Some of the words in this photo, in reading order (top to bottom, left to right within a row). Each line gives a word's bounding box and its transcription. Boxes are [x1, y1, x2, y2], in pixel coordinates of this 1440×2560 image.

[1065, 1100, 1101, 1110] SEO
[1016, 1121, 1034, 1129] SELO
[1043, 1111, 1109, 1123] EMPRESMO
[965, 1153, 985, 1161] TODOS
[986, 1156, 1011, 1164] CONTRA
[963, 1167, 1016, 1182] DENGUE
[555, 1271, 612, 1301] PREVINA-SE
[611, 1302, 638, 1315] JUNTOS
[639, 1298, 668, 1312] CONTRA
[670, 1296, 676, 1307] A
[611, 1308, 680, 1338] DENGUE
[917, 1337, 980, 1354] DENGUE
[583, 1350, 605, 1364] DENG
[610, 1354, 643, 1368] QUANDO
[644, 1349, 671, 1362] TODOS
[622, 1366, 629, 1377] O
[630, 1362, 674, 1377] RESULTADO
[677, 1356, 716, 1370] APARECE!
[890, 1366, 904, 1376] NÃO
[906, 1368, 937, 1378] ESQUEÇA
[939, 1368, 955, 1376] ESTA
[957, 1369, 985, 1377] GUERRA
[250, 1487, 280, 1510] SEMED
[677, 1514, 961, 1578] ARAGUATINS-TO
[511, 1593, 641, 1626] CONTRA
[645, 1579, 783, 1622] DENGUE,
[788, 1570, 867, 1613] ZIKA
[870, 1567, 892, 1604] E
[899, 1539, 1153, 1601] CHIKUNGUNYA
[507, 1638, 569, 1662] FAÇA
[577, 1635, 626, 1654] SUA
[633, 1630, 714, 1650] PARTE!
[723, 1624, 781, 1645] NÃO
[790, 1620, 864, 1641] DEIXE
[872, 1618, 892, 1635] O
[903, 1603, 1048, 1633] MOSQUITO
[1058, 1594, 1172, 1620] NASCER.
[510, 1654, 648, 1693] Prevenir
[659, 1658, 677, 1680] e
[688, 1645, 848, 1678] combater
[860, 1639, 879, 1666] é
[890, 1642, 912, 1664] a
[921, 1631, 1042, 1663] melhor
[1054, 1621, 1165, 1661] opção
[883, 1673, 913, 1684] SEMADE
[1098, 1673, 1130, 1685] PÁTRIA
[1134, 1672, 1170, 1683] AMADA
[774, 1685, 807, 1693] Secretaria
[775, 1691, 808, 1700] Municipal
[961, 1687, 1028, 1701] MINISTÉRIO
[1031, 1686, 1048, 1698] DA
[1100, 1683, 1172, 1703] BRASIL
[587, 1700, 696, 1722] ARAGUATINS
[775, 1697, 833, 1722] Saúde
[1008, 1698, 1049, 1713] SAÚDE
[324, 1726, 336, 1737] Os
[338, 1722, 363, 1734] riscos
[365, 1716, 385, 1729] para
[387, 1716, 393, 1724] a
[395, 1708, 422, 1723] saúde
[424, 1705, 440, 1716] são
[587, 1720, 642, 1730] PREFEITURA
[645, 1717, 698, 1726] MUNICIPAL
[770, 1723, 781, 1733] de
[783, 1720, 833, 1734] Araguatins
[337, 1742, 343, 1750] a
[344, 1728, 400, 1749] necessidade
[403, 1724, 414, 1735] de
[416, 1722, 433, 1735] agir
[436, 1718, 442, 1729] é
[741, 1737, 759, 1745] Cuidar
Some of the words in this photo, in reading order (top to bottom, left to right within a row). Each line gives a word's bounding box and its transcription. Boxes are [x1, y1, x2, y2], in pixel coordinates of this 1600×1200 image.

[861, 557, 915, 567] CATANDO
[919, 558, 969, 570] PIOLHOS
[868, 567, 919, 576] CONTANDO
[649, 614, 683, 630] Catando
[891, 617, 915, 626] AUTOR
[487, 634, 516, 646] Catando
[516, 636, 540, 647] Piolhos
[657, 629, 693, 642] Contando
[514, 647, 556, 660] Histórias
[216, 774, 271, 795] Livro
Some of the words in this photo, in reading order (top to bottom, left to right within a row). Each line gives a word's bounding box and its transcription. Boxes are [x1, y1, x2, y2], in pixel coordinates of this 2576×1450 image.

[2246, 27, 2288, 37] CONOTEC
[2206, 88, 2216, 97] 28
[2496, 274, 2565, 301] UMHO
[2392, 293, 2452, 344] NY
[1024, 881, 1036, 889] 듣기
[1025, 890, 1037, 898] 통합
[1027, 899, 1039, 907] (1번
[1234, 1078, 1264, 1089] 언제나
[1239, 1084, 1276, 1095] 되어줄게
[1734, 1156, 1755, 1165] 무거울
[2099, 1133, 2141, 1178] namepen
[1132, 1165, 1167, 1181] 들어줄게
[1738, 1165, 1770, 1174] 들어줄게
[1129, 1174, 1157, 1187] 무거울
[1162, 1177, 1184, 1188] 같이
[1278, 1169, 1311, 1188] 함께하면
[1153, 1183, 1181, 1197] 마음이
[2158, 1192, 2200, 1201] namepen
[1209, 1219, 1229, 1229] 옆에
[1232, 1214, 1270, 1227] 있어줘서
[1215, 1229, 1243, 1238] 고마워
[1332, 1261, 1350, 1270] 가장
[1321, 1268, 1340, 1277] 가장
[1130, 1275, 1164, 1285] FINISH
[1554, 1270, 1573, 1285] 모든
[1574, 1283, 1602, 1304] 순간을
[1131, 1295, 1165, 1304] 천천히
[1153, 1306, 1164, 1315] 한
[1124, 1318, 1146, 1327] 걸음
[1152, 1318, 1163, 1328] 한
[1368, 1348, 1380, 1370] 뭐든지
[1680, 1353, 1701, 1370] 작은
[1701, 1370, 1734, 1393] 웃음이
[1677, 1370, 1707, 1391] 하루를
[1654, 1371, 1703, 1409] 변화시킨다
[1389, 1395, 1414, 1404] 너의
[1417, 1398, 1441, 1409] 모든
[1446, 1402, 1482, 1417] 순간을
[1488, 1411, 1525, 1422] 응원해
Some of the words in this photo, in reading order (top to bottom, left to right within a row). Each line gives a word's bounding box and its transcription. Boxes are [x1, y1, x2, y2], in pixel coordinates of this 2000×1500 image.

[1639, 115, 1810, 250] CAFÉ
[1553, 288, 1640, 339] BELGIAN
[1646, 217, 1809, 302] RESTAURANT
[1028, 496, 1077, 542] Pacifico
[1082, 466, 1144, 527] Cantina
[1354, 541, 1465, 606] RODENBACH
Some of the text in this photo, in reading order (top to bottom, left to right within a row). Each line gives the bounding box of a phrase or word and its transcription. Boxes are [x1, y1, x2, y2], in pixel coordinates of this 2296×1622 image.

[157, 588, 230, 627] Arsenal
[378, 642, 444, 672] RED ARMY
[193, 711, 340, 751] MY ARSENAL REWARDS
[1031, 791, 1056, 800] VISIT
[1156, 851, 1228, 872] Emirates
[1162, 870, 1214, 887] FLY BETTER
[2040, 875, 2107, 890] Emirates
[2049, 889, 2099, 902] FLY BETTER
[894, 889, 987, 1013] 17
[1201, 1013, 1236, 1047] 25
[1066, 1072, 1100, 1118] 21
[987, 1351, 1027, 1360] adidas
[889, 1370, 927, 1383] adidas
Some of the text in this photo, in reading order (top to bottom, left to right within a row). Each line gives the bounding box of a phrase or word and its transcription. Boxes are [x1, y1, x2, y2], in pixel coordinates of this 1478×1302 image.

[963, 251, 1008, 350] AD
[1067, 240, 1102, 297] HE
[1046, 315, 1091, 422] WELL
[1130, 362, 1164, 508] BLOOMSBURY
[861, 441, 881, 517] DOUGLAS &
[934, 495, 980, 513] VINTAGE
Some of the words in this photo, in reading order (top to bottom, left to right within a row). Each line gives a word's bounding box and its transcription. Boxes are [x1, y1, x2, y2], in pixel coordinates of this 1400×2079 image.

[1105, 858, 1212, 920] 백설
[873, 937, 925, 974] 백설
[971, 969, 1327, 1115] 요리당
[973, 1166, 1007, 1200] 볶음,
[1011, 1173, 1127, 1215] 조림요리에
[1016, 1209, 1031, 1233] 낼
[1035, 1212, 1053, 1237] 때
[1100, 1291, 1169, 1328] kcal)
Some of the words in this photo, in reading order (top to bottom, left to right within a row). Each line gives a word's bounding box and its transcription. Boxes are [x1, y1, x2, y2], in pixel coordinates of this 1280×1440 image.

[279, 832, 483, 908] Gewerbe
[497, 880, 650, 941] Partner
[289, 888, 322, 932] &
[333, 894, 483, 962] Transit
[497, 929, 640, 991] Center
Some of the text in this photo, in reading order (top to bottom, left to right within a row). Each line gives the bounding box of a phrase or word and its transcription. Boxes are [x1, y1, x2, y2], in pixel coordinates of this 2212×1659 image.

◆ What to work on
Write out, word for word, the line containing "this 1400×2079 image." and every line after it to the end of the data above.

◆ Result of this exercise
Some of the words in this photo, in reading order (top to bottom, left to right within a row). Each line gives a word's bounding box and its transcription. Boxes are [x1, y1, x2, y2], in pixel coordinates of this 1400×2079 image.

[1105, 858, 1212, 920] 백설
[873, 937, 925, 974] 백설
[971, 969, 1327, 1115] 요리당
[973, 1166, 1007, 1200] 볶음,
[1011, 1173, 1127, 1215] 조림요리에
[1016, 1209, 1031, 1233] 낼
[1035, 1212, 1053, 1237] 때
[1100, 1291, 1169, 1328] kcal)
Some of the words in this photo, in reading order (top to bottom, left to right within a row). Each line gives a word's bounding box and its transcription. Boxes are [x1, y1, x2, y2], in pixel coordinates of this 1280×1440 image.

[279, 832, 483, 908] Gewerbe
[497, 880, 650, 941] Partner
[289, 888, 322, 932] &
[333, 894, 483, 962] Transit
[497, 929, 640, 991] Center
Some of the text in this photo, in reading order (top to bottom, left to right within a row). Each line gives the bounding box of a phrase or word and its transcription. Boxes are [x1, y1, x2, y2], in pixel coordinates of this 2212×1659 image.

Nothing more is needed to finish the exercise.